カモっぽい水鳥たちのおおまかな分類を知ろう

さて、冬に向かうこれからは、さえぎる草や葉が少なく空気は澄み、バードウォッチングに最適な季節。特に水鳥の種類が多く、さまざまな種を観察できる機会です。えてして水に浮かんでいるずんぐりした水鳥はどれも「カモ」といっしょくたにしてしまうかもしれませんが、実はガンカモ類とはまったく違う種類がいくつもあります。
特にカイツブリの仲間はカモと混同する人が多いのですが、まったく違う目・科に属しています。近い種類はなんとフラミンゴ。

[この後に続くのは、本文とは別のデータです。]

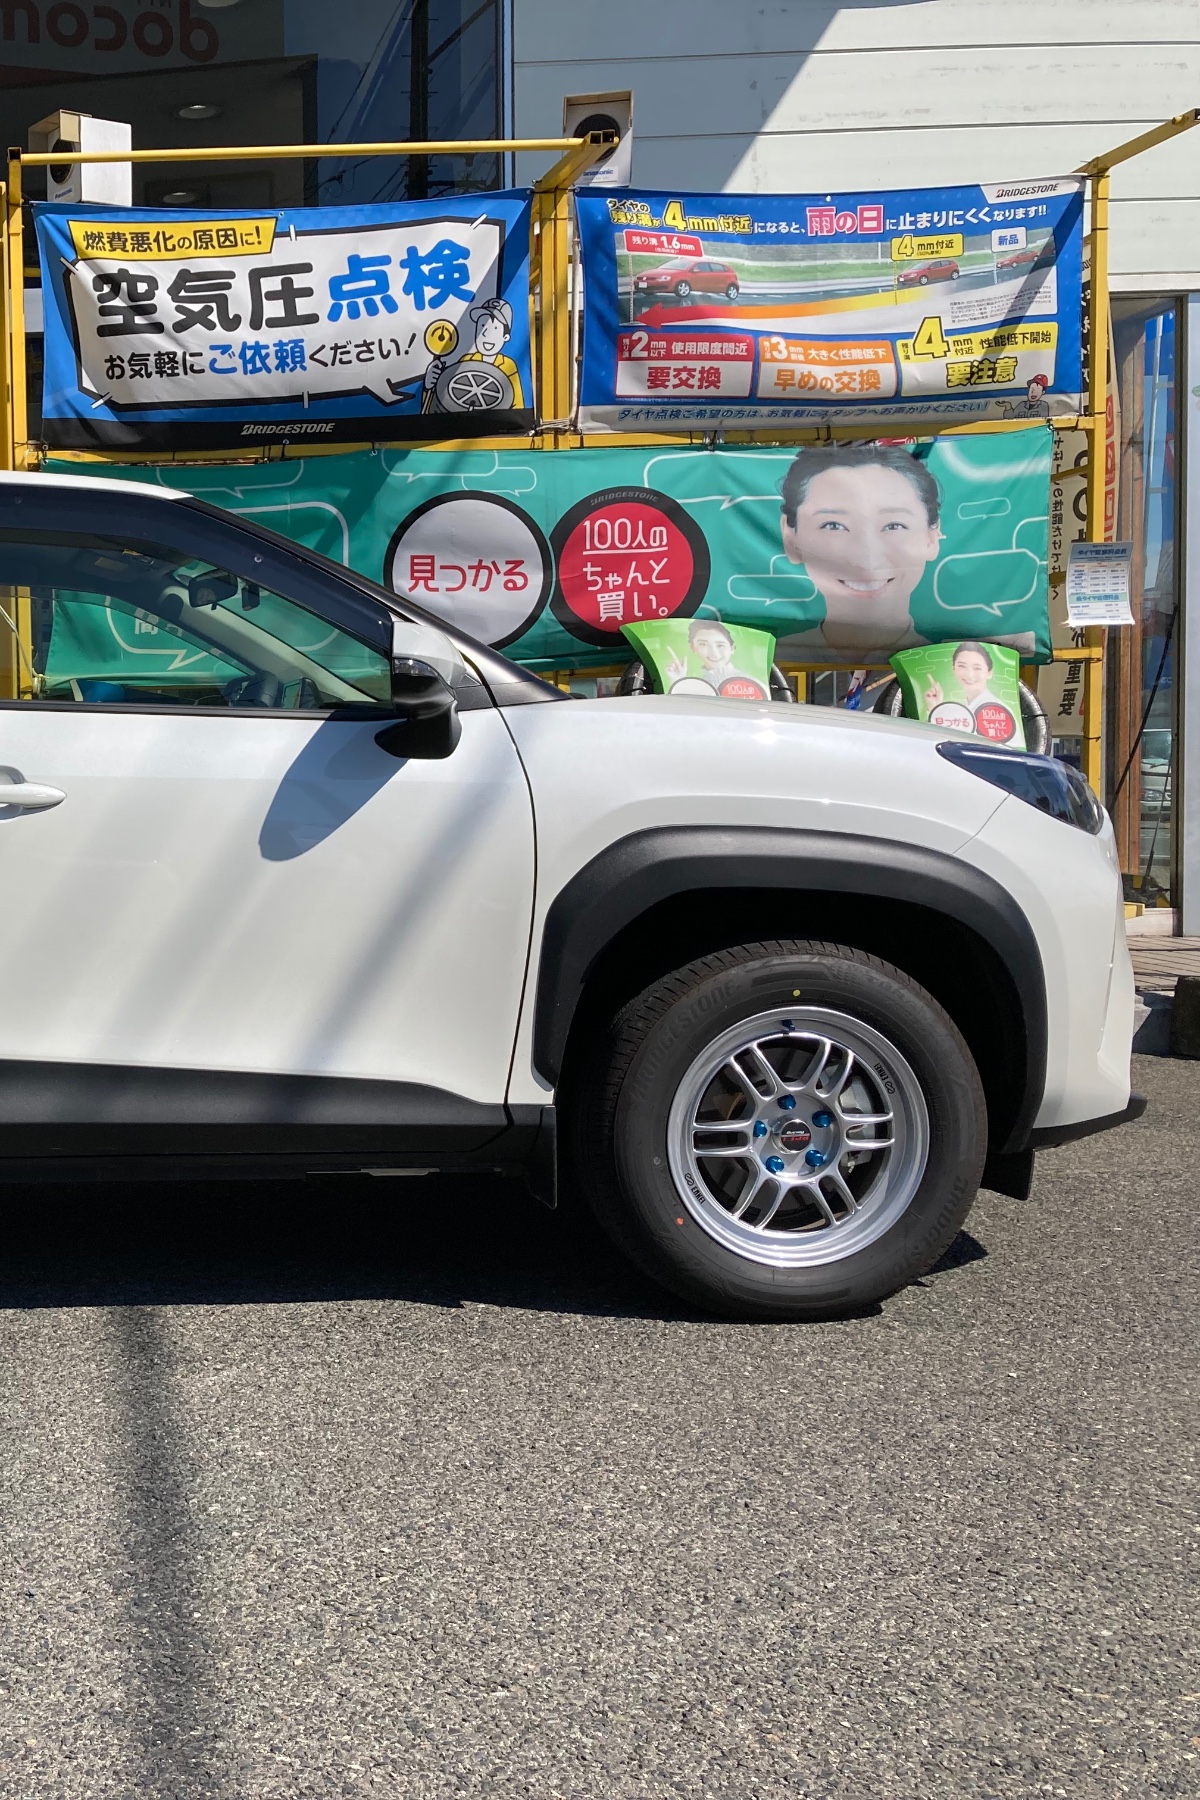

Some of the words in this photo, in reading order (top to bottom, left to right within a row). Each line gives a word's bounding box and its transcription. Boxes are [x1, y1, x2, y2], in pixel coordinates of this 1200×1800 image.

[996, 182, 1060, 199] BRIDGESTONE
[81, 225, 263, 255] 燃費悪化の原因に!
[997, 233, 1020, 247] 新品
[95, 239, 476, 338] 空気圧点検
[631, 331, 650, 358] 2
[770, 335, 788, 360] 3
[979, 330, 1052, 350] 性能低下開始
[104, 333, 417, 381] お気軽にご依頼ください!
[646, 366, 722, 390] 要交換
[773, 368, 882, 393] 早めの交換
[946, 356, 1018, 388] 要注意
[240, 422, 336, 436] BRIDGESTONE
[589, 490, 660, 506] BRIDGESTONE
[582, 517, 669, 550] 100人の
[408, 554, 530, 593] 見つかる
[583, 557, 671, 592] ちゃんと
[596, 591, 669, 622] 買い。
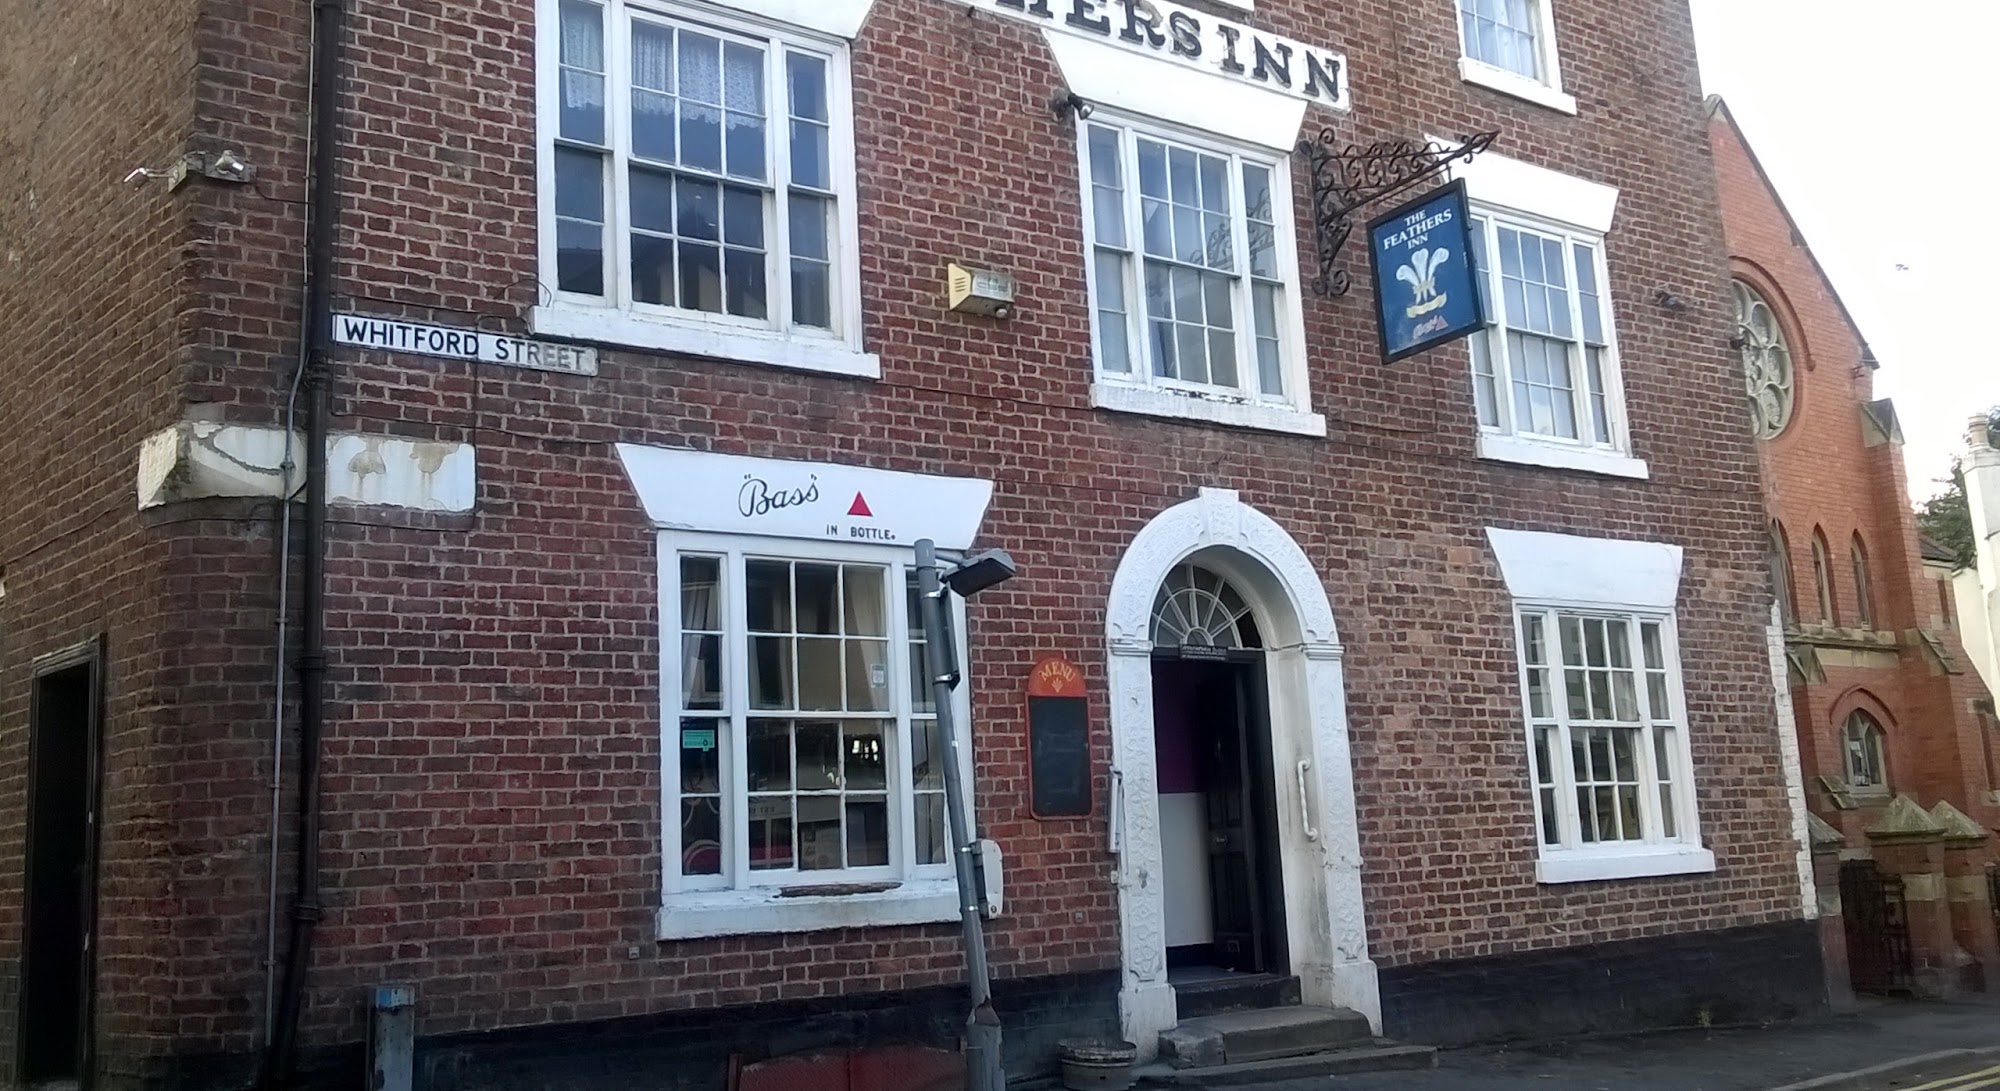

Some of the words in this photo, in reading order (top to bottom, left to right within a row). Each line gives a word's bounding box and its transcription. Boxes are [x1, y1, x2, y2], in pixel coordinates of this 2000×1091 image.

それから、鵜飼で知られる鵜の仲間。これは、ペリカンの仲間に属します。
そして、わりとよく見られる全身が黒いバンという水鳥もカモとよく似ていますがこれは鶴の仲間。
白鳥の仲間がカモ、アヒルや雁、フラミンゴの仲間がカイツブリ、ペリカンの仲間が鵜、鶴の仲間がバン、というふうに関連付けて、カモっぽい連中のこまかな違いを観察してみると楽しいと思います。
雁はなかなか見られませんが、仲間の鴨や水鳥たちを眺めても、きっと鴻雁来の季節を感じることはできるのではないでしょうか。